### Given data
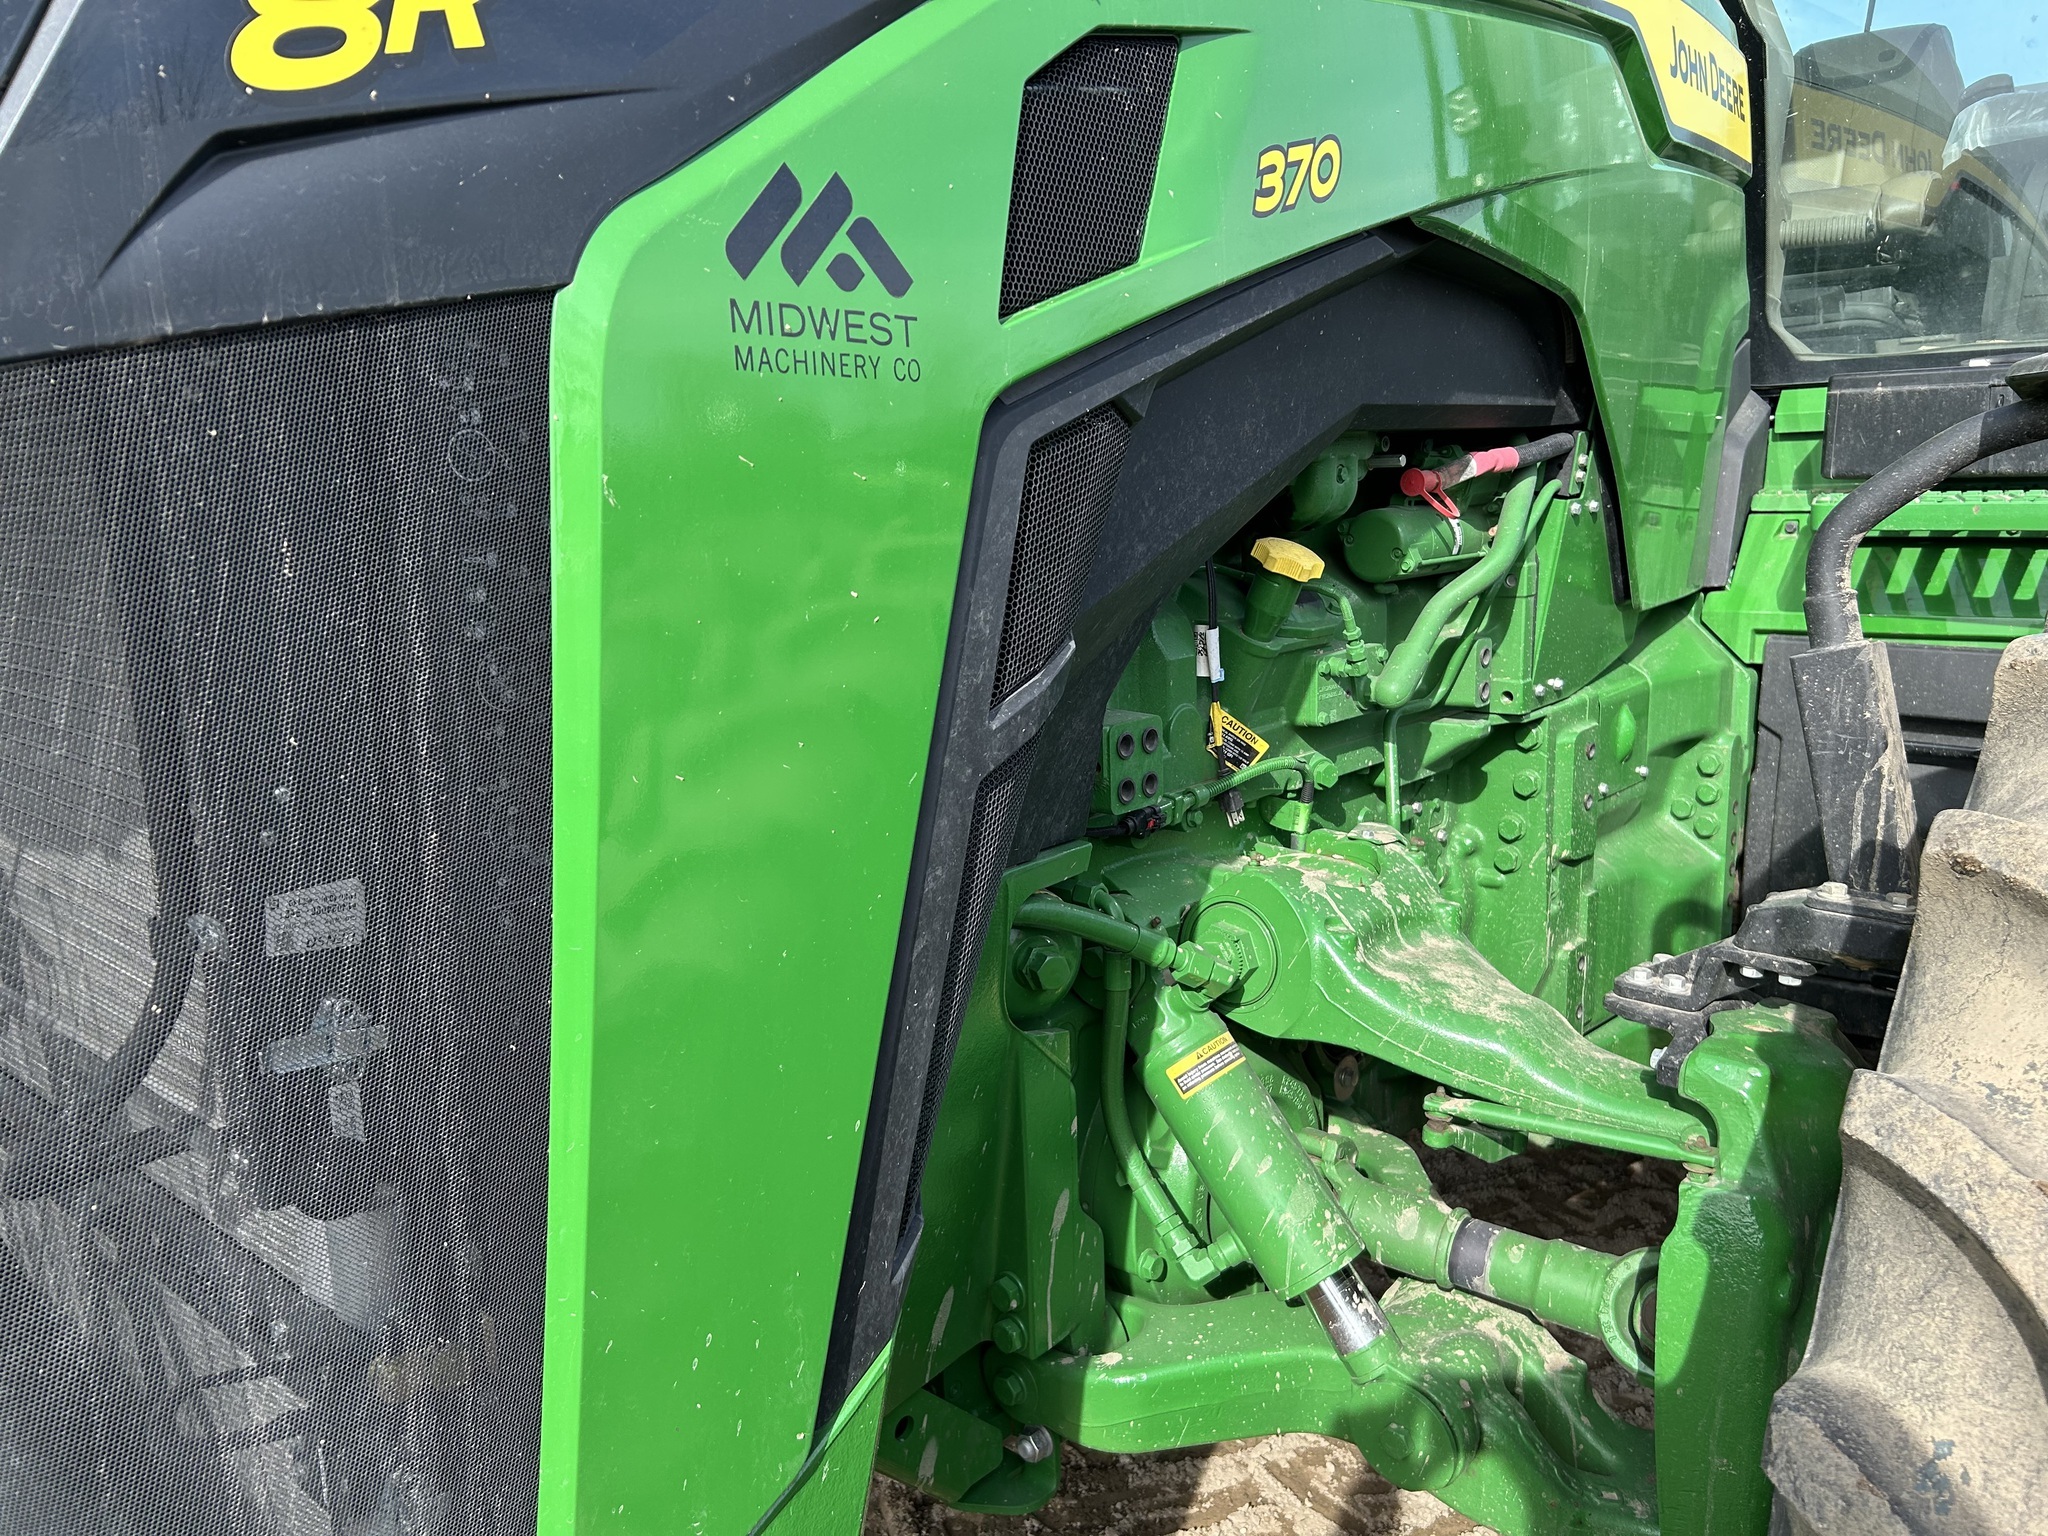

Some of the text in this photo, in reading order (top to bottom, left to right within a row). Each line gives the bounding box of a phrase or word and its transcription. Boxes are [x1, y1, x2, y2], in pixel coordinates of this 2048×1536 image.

[1670, 25, 1746, 123] JOHN DEERE
[1252, 134, 1342, 218] 370
[729, 298, 918, 347] MIDWEST
[734, 345, 921, 383] MACHINERY CO
[1222, 716, 1259, 745] CAUTION
[1202, 1036, 1228, 1055] CAUTION

### Work to complete
Word for word, please reproduce each entry above and leave out every picture.

### Task response
Some of the text in this photo, in reading order (top to bottom, left to right within a row). Each line gives the bounding box of a phrase or word and its transcription. Boxes are [x1, y1, x2, y2], in pixel coordinates of this 2048×1536 image.

[1670, 25, 1746, 123] JOHN DEERE
[1252, 134, 1342, 218] 370
[729, 298, 918, 347] MIDWEST
[734, 345, 921, 383] MACHINERY CO
[1222, 716, 1259, 745] CAUTION
[1202, 1036, 1228, 1055] CAUTION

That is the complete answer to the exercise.